Material to process -
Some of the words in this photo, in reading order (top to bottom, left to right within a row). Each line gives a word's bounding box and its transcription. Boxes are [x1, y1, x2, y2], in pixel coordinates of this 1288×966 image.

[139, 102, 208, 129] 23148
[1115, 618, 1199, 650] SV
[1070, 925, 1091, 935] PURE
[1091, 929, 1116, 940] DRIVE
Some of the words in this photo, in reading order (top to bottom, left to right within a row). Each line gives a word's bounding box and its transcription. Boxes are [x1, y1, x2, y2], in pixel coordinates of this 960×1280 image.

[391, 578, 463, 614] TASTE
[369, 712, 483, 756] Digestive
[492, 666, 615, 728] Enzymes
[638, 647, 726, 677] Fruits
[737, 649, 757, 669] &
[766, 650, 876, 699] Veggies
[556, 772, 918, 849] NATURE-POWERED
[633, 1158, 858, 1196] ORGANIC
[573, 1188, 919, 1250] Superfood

About this exercise - Retype the records above in full, exactly.

Answer box -
Some of the words in this photo, in reading order (top to bottom, left to right within a row). Each line gives a word's bounding box and its transcription. Boxes are [x1, y1, x2, y2], in pixel coordinates of this 1288×966 image.

[139, 102, 208, 129] 23148
[1115, 618, 1199, 650] SV
[1070, 925, 1091, 935] PURE
[1091, 929, 1116, 940] DRIVE
Some of the words in this photo, in reading order (top to bottom, left to right within a row). Each line gives a word's bounding box and its transcription. Boxes are [x1, y1, x2, y2], in pixel coordinates of this 960×1280 image.

[391, 578, 463, 614] TASTE
[369, 712, 483, 756] Digestive
[492, 666, 615, 728] Enzymes
[638, 647, 726, 677] Fruits
[737, 649, 757, 669] &
[766, 650, 876, 699] Veggies
[556, 772, 918, 849] NATURE-POWERED
[633, 1158, 858, 1196] ORGANIC
[573, 1188, 919, 1250] Superfood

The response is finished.